▶ TASK STATEMENT: What's wanted is the full listing, reproduced exactly.

☆ ☆ ☆ ☆

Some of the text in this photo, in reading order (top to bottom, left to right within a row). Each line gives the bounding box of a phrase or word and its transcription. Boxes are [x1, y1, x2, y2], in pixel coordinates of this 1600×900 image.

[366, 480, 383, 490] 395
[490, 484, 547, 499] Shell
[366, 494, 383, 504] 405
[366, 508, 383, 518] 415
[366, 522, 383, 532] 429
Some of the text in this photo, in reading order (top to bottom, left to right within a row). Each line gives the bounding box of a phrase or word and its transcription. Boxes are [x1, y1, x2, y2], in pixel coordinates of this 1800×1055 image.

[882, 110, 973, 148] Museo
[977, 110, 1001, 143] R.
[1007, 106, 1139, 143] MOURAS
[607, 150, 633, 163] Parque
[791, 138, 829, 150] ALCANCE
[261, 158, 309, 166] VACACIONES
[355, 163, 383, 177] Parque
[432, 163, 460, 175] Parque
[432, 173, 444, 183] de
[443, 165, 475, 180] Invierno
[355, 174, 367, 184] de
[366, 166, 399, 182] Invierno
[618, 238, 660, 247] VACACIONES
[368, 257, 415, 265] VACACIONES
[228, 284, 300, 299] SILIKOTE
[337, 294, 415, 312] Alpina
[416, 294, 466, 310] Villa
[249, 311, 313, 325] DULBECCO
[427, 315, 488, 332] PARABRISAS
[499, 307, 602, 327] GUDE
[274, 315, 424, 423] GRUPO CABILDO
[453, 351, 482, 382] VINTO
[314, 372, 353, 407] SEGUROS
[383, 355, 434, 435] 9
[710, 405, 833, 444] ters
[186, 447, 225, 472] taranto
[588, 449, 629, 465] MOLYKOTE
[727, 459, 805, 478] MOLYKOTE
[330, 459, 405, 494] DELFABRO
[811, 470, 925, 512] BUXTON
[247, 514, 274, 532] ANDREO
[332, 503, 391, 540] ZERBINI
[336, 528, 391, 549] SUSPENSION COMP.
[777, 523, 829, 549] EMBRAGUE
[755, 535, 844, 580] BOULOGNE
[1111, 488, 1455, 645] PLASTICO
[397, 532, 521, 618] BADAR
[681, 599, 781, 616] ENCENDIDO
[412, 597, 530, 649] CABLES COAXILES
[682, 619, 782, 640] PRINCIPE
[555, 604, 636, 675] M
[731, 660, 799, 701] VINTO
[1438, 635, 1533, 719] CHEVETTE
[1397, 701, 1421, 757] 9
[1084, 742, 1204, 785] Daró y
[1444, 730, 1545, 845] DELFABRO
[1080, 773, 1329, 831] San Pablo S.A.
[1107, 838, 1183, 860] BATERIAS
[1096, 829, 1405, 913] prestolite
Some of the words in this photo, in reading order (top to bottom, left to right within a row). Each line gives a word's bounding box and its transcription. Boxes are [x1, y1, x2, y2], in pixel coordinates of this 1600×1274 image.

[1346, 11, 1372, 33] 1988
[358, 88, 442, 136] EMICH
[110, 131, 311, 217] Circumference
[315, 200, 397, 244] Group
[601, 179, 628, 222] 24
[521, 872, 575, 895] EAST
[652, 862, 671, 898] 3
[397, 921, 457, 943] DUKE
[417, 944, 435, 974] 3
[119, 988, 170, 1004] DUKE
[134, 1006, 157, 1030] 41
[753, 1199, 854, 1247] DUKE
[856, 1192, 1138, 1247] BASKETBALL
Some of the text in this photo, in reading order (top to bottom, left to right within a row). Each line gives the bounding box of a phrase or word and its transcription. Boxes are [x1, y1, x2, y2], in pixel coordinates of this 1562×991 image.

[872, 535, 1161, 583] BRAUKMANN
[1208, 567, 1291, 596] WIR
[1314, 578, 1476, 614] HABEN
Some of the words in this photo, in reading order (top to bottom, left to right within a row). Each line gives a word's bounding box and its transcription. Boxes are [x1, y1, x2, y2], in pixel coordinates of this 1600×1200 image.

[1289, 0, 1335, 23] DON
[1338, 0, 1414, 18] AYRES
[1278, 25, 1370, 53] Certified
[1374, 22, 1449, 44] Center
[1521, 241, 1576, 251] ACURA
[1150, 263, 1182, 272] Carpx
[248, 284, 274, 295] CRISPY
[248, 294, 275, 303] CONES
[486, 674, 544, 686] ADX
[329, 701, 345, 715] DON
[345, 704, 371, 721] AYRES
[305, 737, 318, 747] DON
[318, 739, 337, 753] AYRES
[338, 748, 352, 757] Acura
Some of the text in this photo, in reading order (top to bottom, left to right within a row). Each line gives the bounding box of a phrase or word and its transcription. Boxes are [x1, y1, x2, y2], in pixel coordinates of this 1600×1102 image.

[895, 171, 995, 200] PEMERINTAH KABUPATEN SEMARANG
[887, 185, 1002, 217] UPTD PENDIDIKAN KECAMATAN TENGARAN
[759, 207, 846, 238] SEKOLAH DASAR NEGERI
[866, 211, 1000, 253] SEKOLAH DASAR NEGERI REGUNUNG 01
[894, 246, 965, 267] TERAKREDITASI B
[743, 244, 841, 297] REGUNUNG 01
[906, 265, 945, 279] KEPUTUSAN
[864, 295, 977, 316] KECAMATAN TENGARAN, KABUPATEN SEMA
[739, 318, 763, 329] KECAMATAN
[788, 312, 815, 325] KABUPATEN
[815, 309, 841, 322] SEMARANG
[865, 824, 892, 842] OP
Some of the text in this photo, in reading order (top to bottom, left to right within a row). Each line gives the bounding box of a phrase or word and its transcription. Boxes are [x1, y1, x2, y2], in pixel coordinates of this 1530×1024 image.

☆ ☆ ☆ ☆

▶ FINISHED EXERCISE:
Some of the text in this photo, in reading order (top to bottom, left to right within a row). Each line gives the bounding box of a phrase or word and its transcription. Boxes are [x1, y1, x2, y2], in pixel coordinates of this 1600×900 image.

[366, 480, 383, 490] 395
[490, 484, 547, 499] Shell
[366, 494, 383, 504] 405
[366, 508, 383, 518] 415
[366, 522, 383, 532] 429
Some of the text in this photo, in reading order (top to bottom, left to right within a row). Each line gives the bounding box of a phrase or word and its transcription. Boxes are [x1, y1, x2, y2], in pixel coordinates of this 1800×1055 image.

[882, 110, 973, 148] Museo
[977, 110, 1001, 143] R.
[1007, 106, 1139, 143] MOURAS
[607, 150, 633, 163] Parque
[791, 138, 829, 150] ALCANCE
[261, 158, 309, 166] VACACIONES
[355, 163, 383, 177] Parque
[432, 163, 460, 175] Parque
[432, 173, 444, 183] de
[443, 165, 475, 180] Invierno
[355, 174, 367, 184] de
[366, 166, 399, 182] Invierno
[618, 238, 660, 247] VACACIONES
[368, 257, 415, 265] VACACIONES
[228, 284, 300, 299] SILIKOTE
[337, 294, 415, 312] Alpina
[416, 294, 466, 310] Villa
[249, 311, 313, 325] DULBECCO
[427, 315, 488, 332] PARABRISAS
[499, 307, 602, 327] GUDE
[274, 315, 424, 423] GRUPO CABILDO
[453, 351, 482, 382] VINTO
[314, 372, 353, 407] SEGUROS
[383, 355, 434, 435] 9
[710, 405, 833, 444] ters
[186, 447, 225, 472] taranto
[588, 449, 629, 465] MOLYKOTE
[727, 459, 805, 478] MOLYKOTE
[330, 459, 405, 494] DELFABRO
[811, 470, 925, 512] BUXTON
[247, 514, 274, 532] ANDREO
[332, 503, 391, 540] ZERBINI
[336, 528, 391, 549] SUSPENSION COMP.
[777, 523, 829, 549] EMBRAGUE
[755, 535, 844, 580] BOULOGNE
[1111, 488, 1455, 645] PLASTICO
[397, 532, 521, 618] BADAR
[681, 599, 781, 616] ENCENDIDO
[412, 597, 530, 649] CABLES COAXILES
[682, 619, 782, 640] PRINCIPE
[555, 604, 636, 675] M
[731, 660, 799, 701] VINTO
[1438, 635, 1533, 719] CHEVETTE
[1397, 701, 1421, 757] 9
[1084, 742, 1204, 785] Daró y
[1444, 730, 1545, 845] DELFABRO
[1080, 773, 1329, 831] San Pablo S.A.
[1107, 838, 1183, 860] BATERIAS
[1096, 829, 1405, 913] prestolite
Some of the words in this photo, in reading order (top to bottom, left to right within a row). Each line gives a word's bounding box and its transcription. Boxes are [x1, y1, x2, y2], in pixel coordinates of this 1600×1274 image.

[1346, 11, 1372, 33] 1988
[358, 88, 442, 136] EMICH
[110, 131, 311, 217] Circumference
[315, 200, 397, 244] Group
[601, 179, 628, 222] 24
[521, 872, 575, 895] EAST
[652, 862, 671, 898] 3
[397, 921, 457, 943] DUKE
[417, 944, 435, 974] 3
[119, 988, 170, 1004] DUKE
[134, 1006, 157, 1030] 41
[753, 1199, 854, 1247] DUKE
[856, 1192, 1138, 1247] BASKETBALL
Some of the text in this photo, in reading order (top to bottom, left to right within a row). Each line gives the bounding box of a phrase or word and its transcription. Boxes are [x1, y1, x2, y2], in pixel coordinates of this 1562×991 image.

[872, 535, 1161, 583] BRAUKMANN
[1208, 567, 1291, 596] WIR
[1314, 578, 1476, 614] HABEN
Some of the words in this photo, in reading order (top to bottom, left to right within a row). Each line gives a word's bounding box and its transcription. Boxes are [x1, y1, x2, y2], in pixel coordinates of this 1600×1200 image.

[1289, 0, 1335, 23] DON
[1338, 0, 1414, 18] AYRES
[1278, 25, 1370, 53] Certified
[1374, 22, 1449, 44] Center
[1521, 241, 1576, 251] ACURA
[1150, 263, 1182, 272] Carpx
[248, 284, 274, 295] CRISPY
[248, 294, 275, 303] CONES
[486, 674, 544, 686] ADX
[329, 701, 345, 715] DON
[345, 704, 371, 721] AYRES
[305, 737, 318, 747] DON
[318, 739, 337, 753] AYRES
[338, 748, 352, 757] Acura
Some of the text in this photo, in reading order (top to bottom, left to right within a row). Each line gives the bounding box of a phrase or word and its transcription. Boxes are [x1, y1, x2, y2], in pixel coordinates of this 1600×1102 image.

[895, 171, 995, 200] PEMERINTAH KABUPATEN SEMARANG
[887, 185, 1002, 217] UPTD PENDIDIKAN KECAMATAN TENGARAN
[759, 207, 846, 238] SEKOLAH DASAR NEGERI
[866, 211, 1000, 253] SEKOLAH DASAR NEGERI REGUNUNG 01
[894, 246, 965, 267] TERAKREDITASI B
[743, 244, 841, 297] REGUNUNG 01
[906, 265, 945, 279] KEPUTUSAN
[864, 295, 977, 316] KECAMATAN TENGARAN, KABUPATEN SEMA
[739, 318, 763, 329] KECAMATAN
[788, 312, 815, 325] KABUPATEN
[815, 309, 841, 322] SEMARANG
[865, 824, 892, 842] OP
Some of the text in this photo, in reading order (top to bottom, left to right within a row). Each line gives the bounding box of a phrase or word and its transcription. Boxes are [x1, y1, x2, y2], in pixel coordinates of this 1530×1024 image.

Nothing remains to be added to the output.